Problem description: Where a picture appears in the data below, exclude it; restate everything else word for word.

Provided entries:
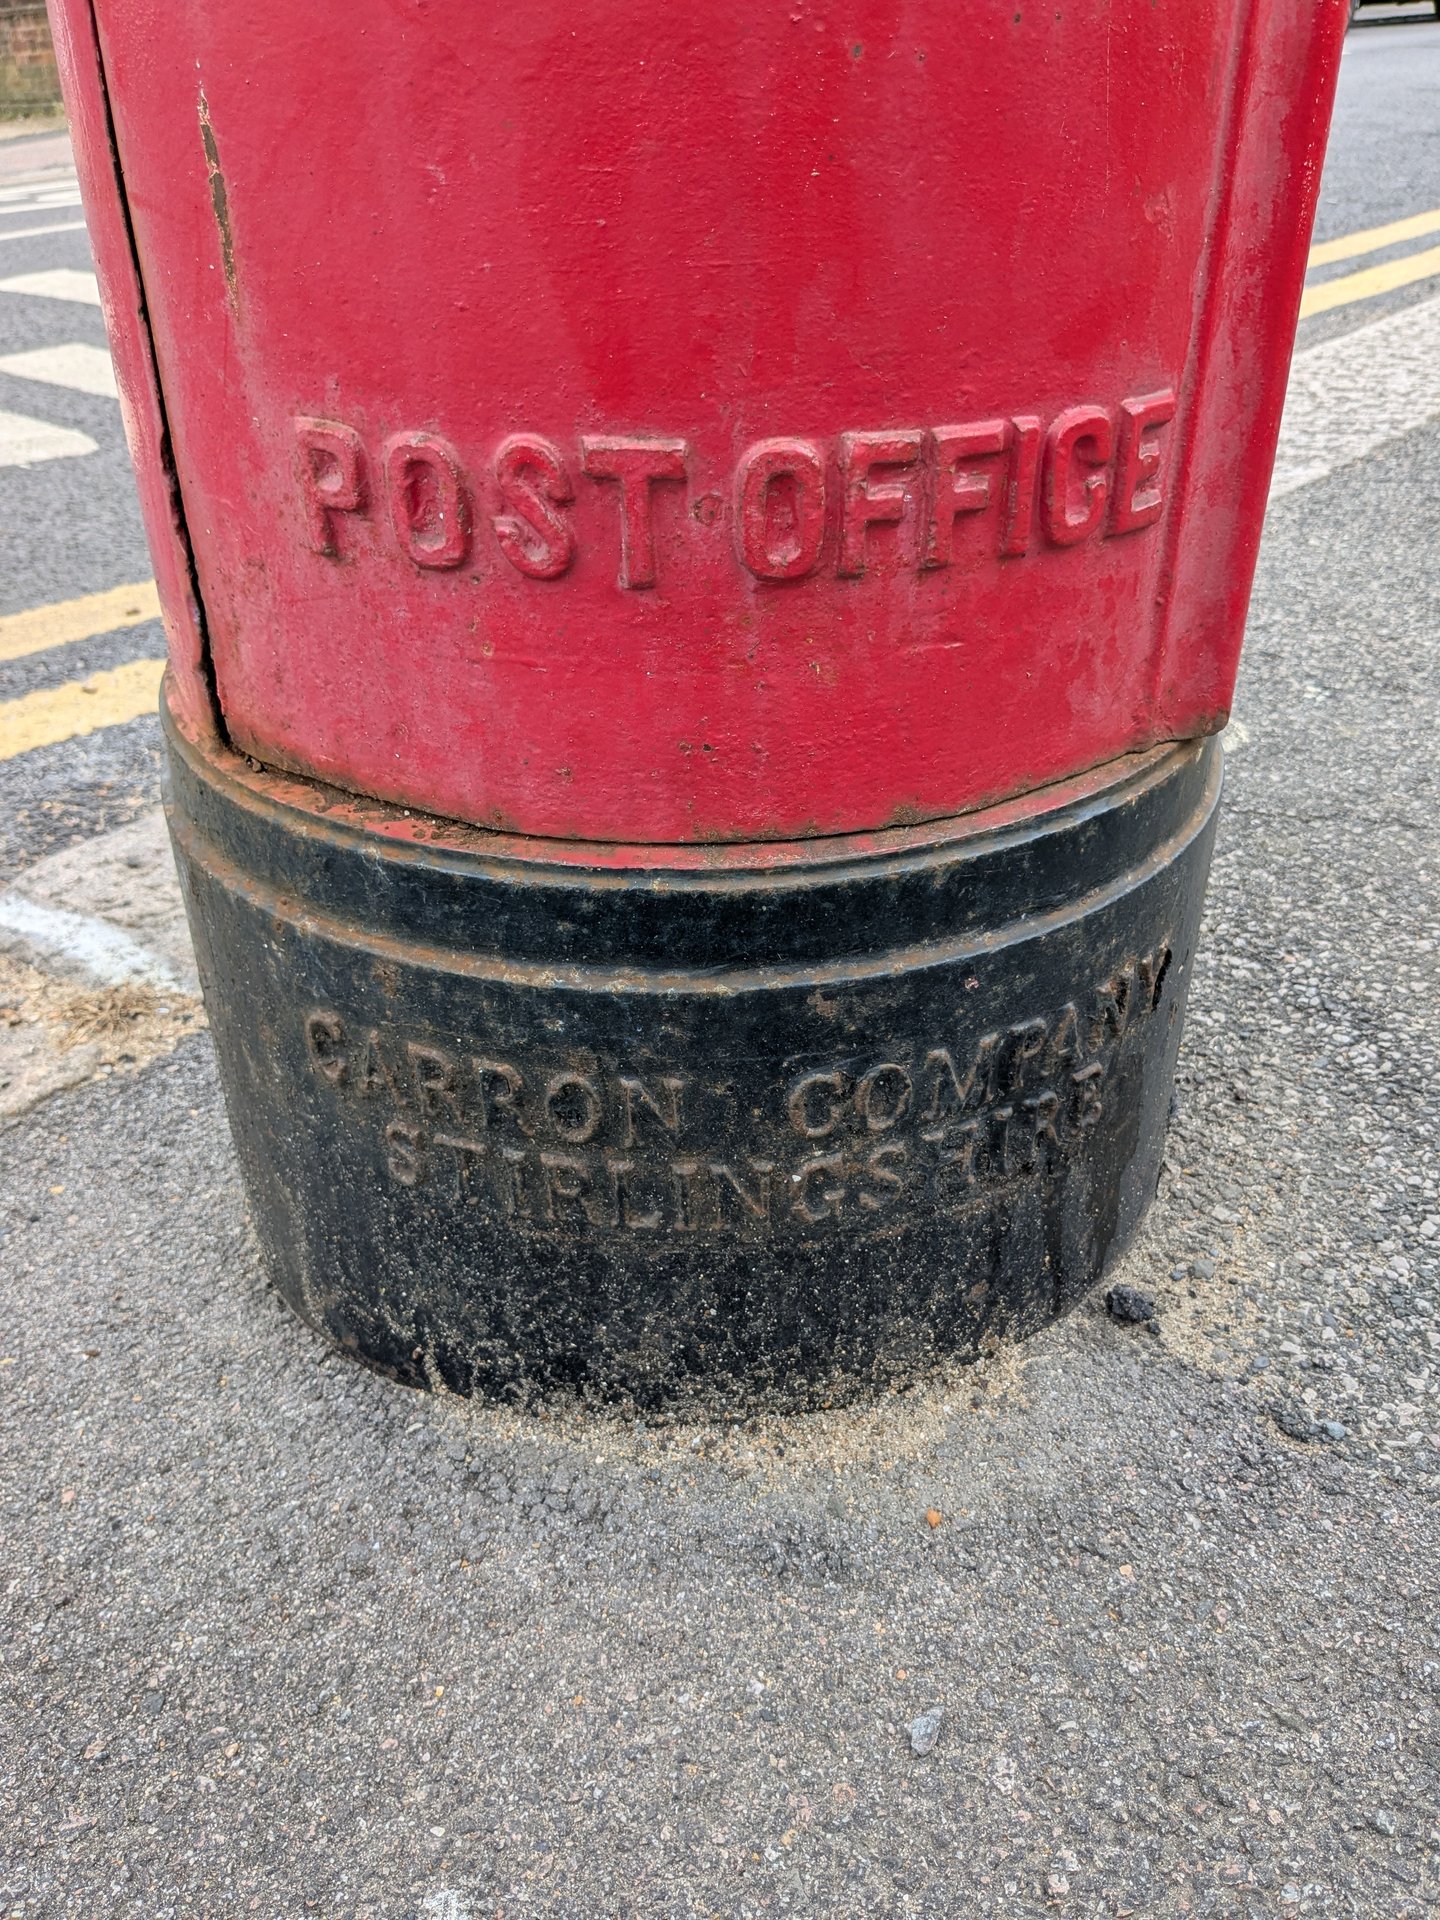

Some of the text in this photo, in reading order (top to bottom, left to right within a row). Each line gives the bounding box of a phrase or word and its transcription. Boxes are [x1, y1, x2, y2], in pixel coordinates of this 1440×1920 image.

[294, 389, 1176, 592] POST OFFICE
[303, 1008, 688, 1150] CARRON
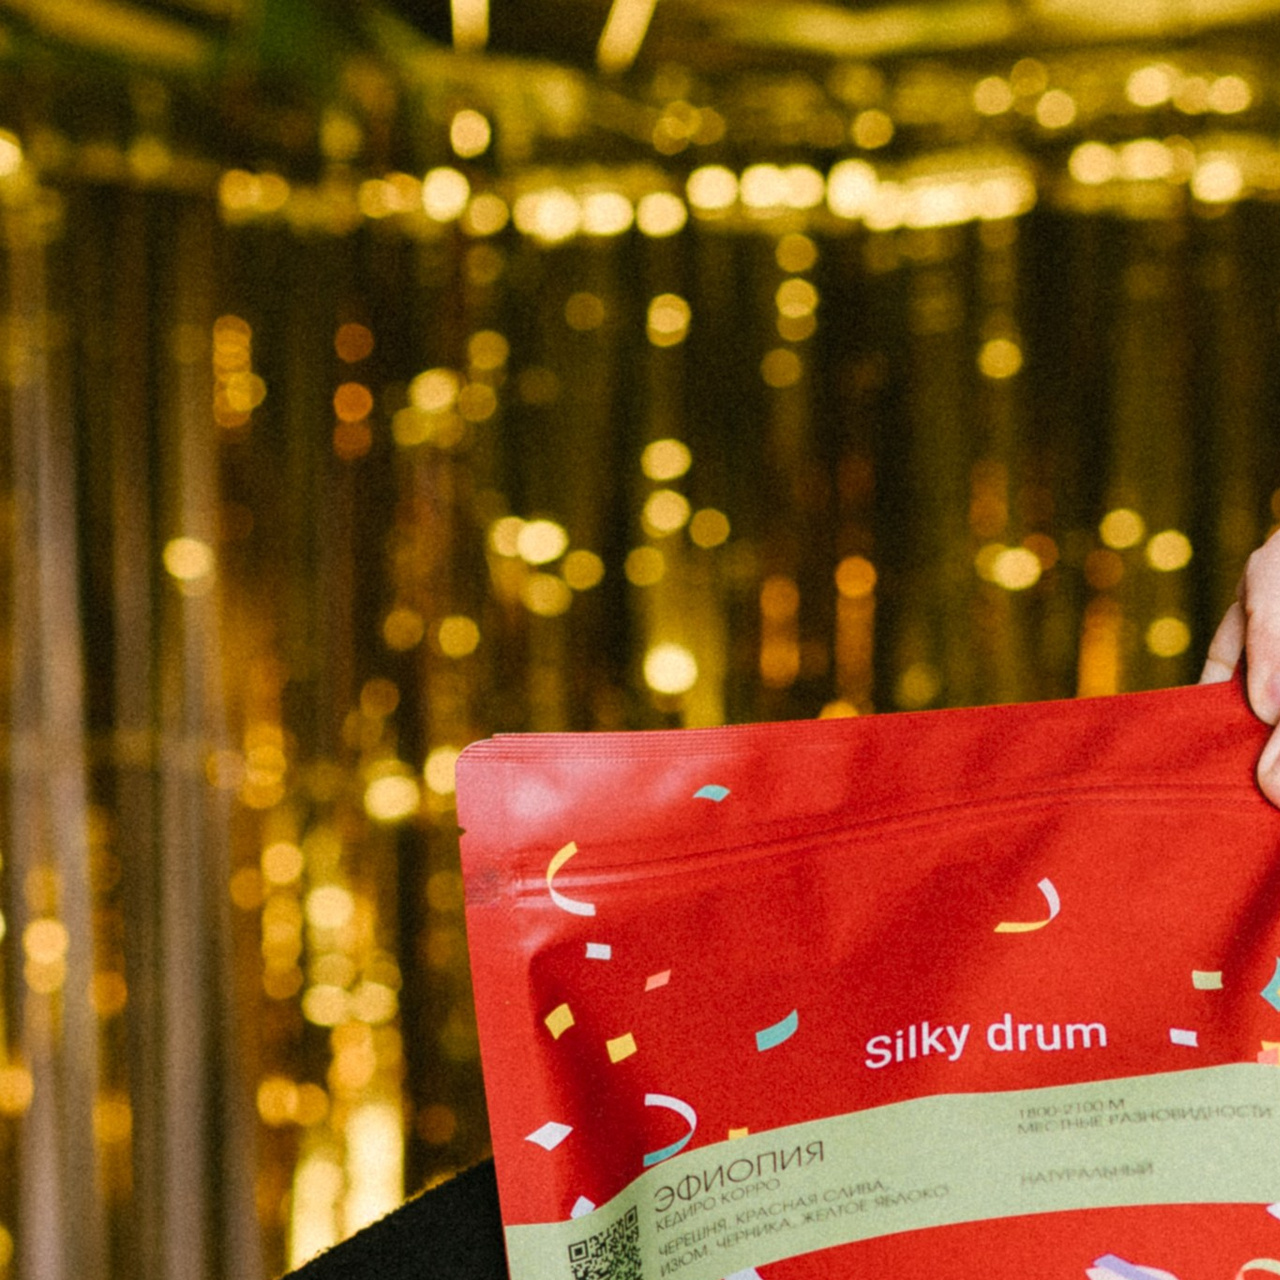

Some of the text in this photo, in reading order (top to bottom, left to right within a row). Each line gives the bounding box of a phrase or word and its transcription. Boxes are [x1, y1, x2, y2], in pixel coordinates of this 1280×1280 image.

[865, 1013, 1107, 1069] Silky drum
[1017, 1104, 1273, 1135] МЕСТНЫЕ РАЗНОВИДНОСТИ
[654, 1140, 824, 1213] ЭФИОПИЯ
[1020, 1161, 1154, 1186] НАТУРАЛЬНЫЙ
[655, 1178, 782, 1233] КЕДИРО КОРРО
[736, 1193, 818, 1227] КРАСНАЯ
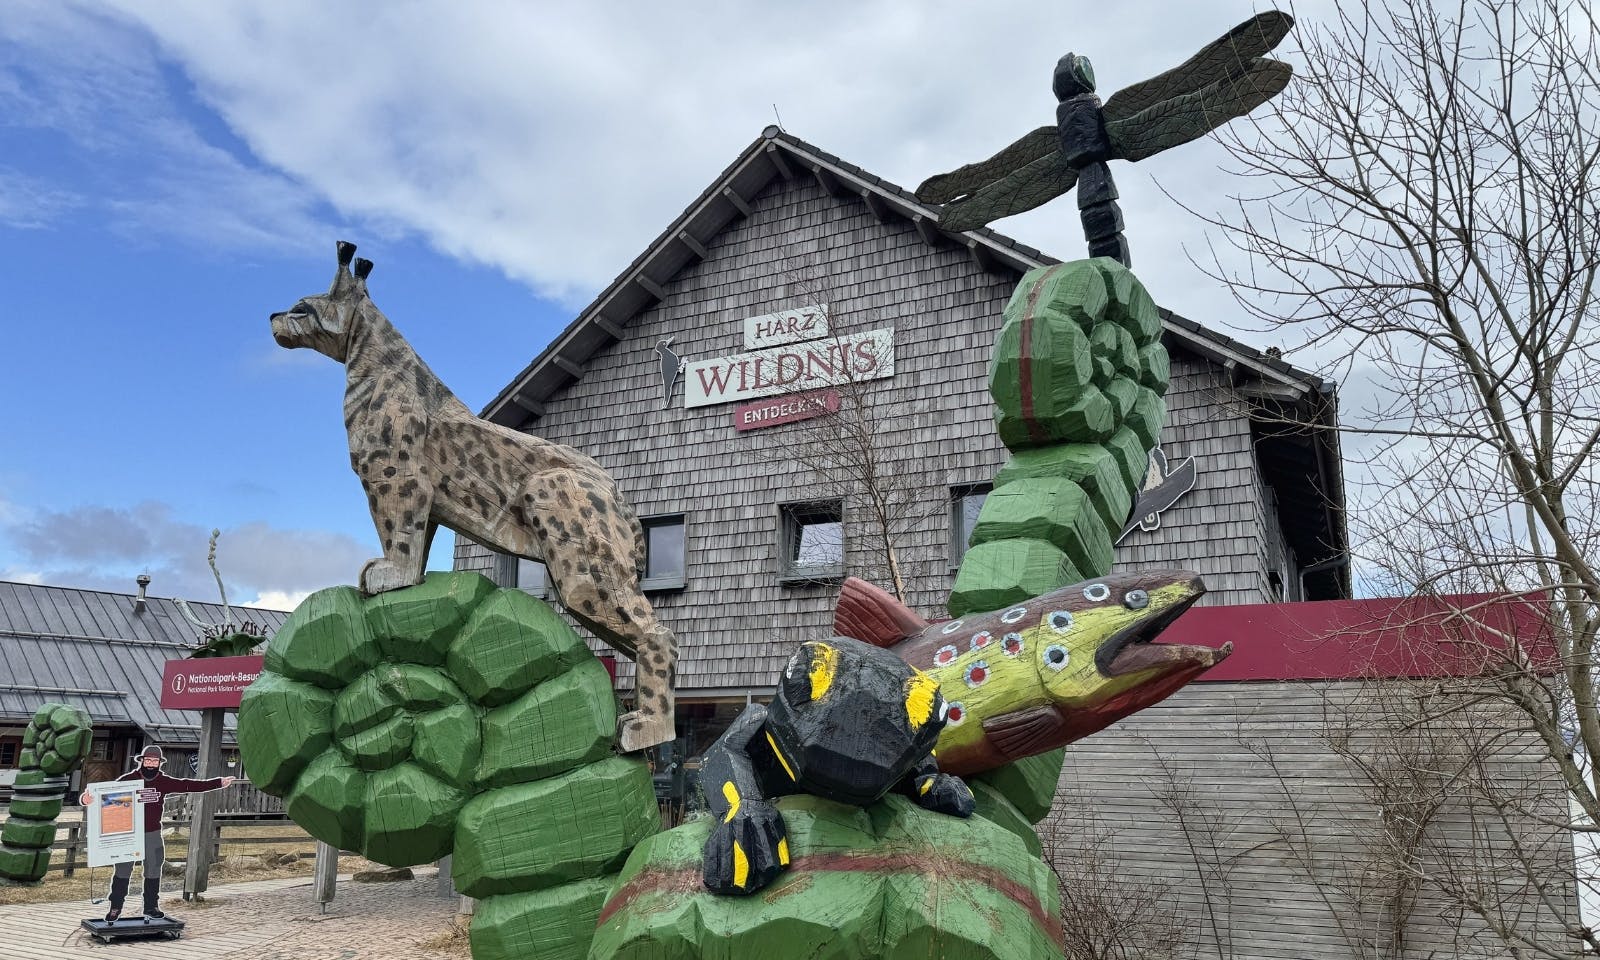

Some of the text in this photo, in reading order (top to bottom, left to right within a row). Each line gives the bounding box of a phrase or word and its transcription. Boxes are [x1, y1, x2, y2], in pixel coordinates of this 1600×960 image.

[755, 313, 816, 338] HARZ
[695, 338, 877, 397] WILDNIS
[189, 672, 260, 684] Nationalpark-Besuc
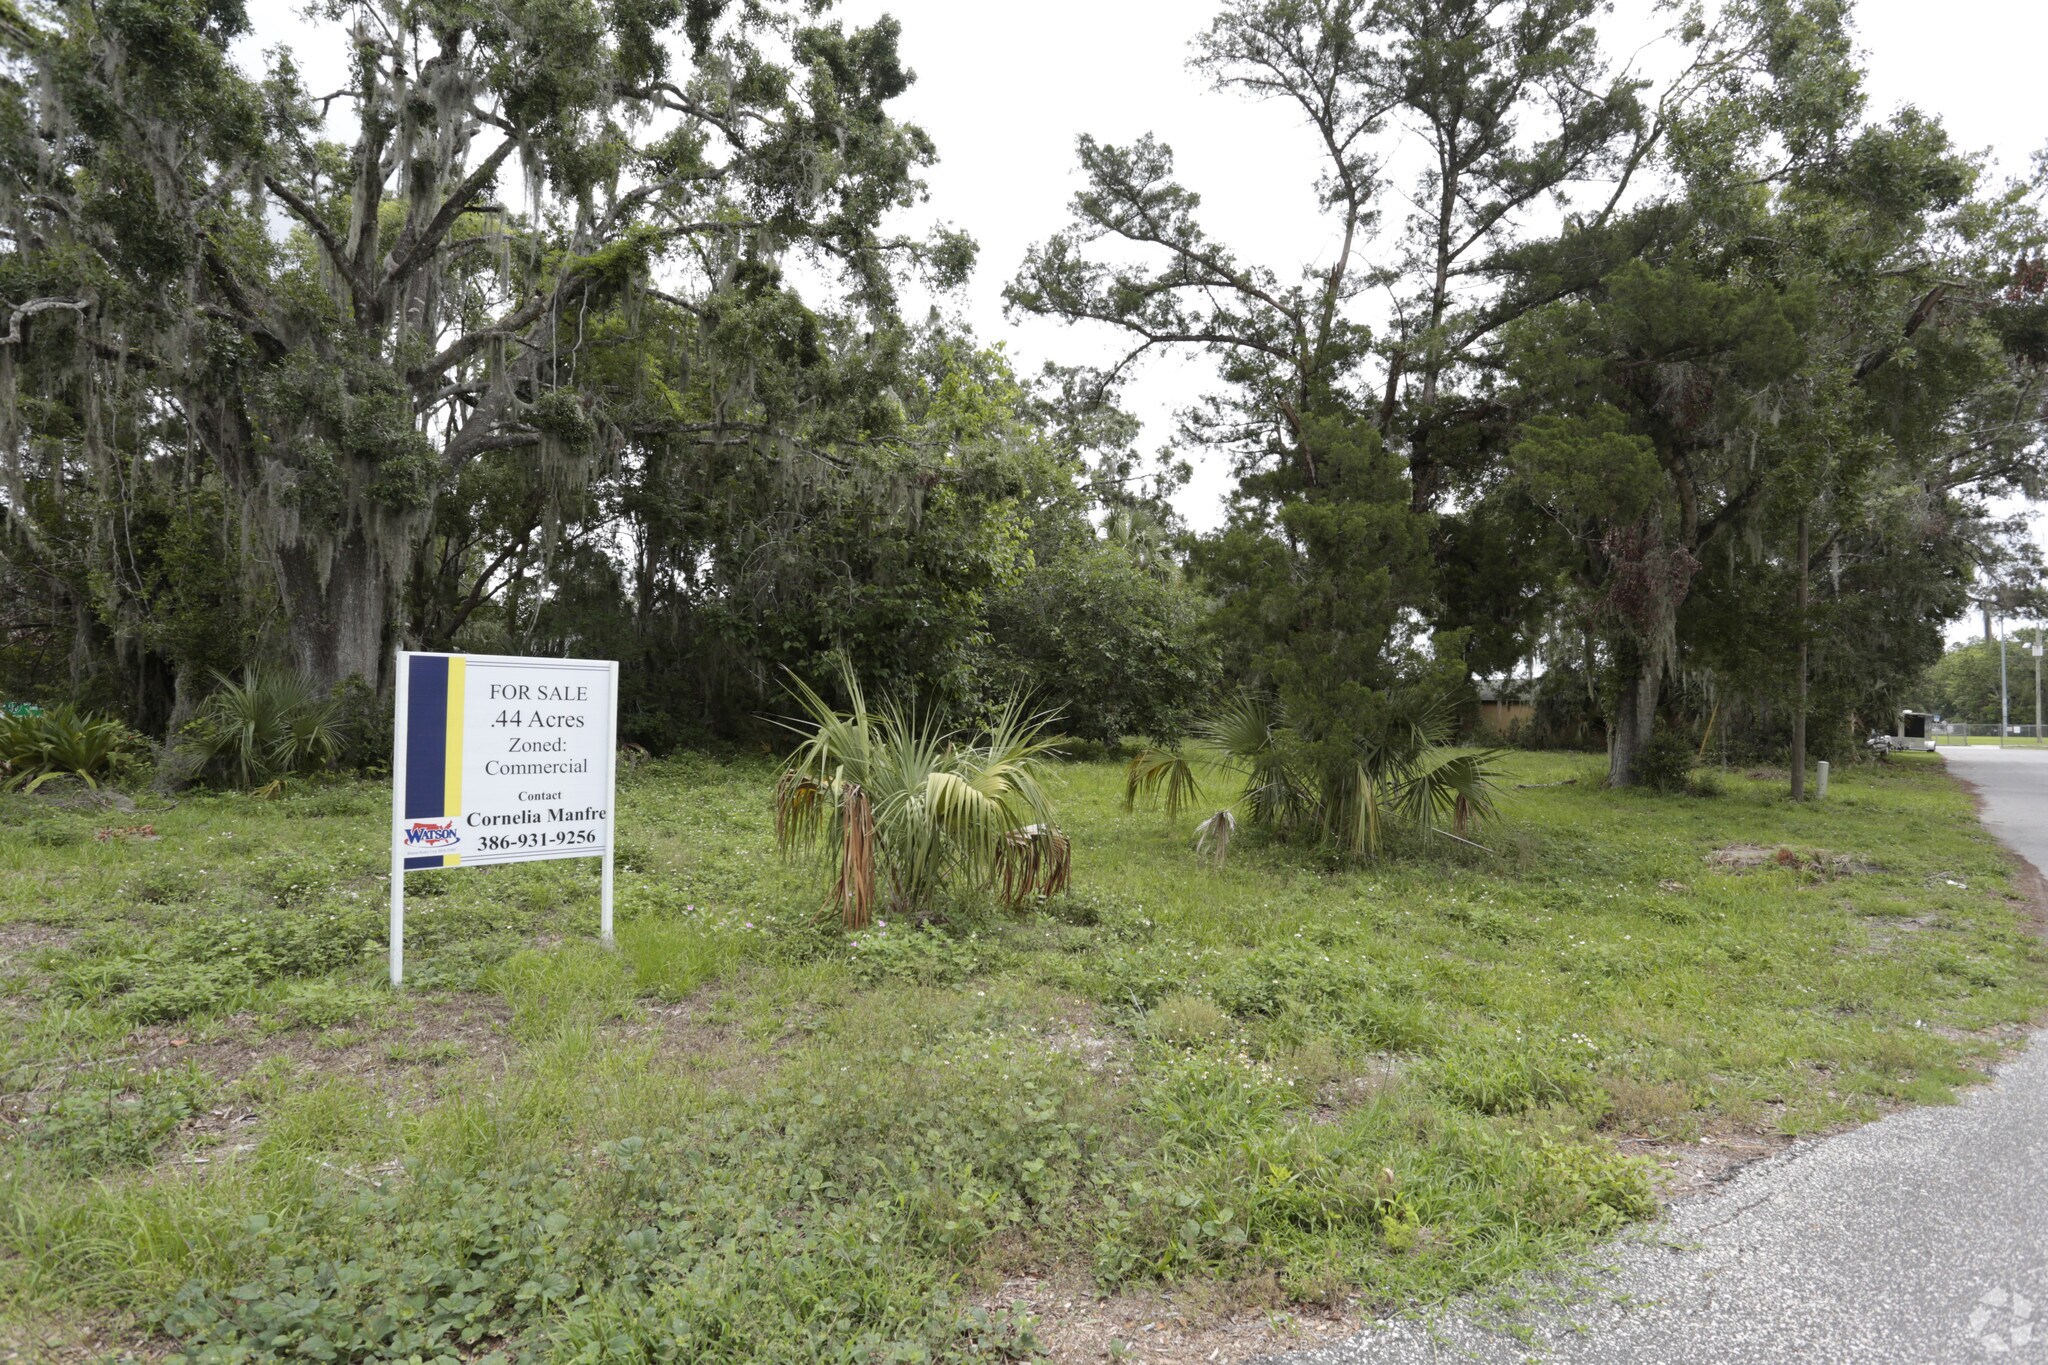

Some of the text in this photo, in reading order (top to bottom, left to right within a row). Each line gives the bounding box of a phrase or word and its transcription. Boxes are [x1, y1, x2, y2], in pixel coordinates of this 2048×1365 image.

Solution to the exercise:
Some of the text in this photo, in reading order (top to bottom, left to right within a row). Each line gives the bounding box of a phrase or word and its transcription. Boxes are [x1, y1, x2, y2], in pixel coordinates of this 1440×1920 image.

[294, 389, 1176, 592] POST OFFICE
[303, 1008, 688, 1150] CARRON

Some of the text in this photo, in reading order (top to bottom, left to right within a row). Each line gives the bounding box of a phrase or word and its transcription. Boxes are [x1, y1, x2, y2], in pixel coordinates of this 1280×1280 image.

[865, 1013, 1107, 1069] Silky drum
[1017, 1104, 1273, 1135] МЕСТНЫЕ РАЗНОВИДНОСТИ
[654, 1140, 824, 1213] ЭФИОПИЯ
[1020, 1161, 1154, 1186] НАТУРАЛЬНЫЙ
[655, 1178, 782, 1233] КЕДИРО КОРРО
[736, 1193, 818, 1227] КРАСНАЯ

Some of the text in this photo, in reading order (top to bottom, left to right within a row). Each line gives the bounding box of a phrase or word and its transcription. Boxes are [x1, y1, x2, y2], in pixel coordinates of this 1600×960 image.

[755, 313, 816, 338] HARZ
[695, 338, 877, 397] WILDNIS
[189, 672, 260, 684] Nationalpark-Besuc

Some of the text in this photo, in reading order (top to bottom, left to right within a row). Each line gives the bounding box of a phrase or word and its transcription. Boxes are [x1, y1, x2, y2], in pixel coordinates of this 2048×1365 image.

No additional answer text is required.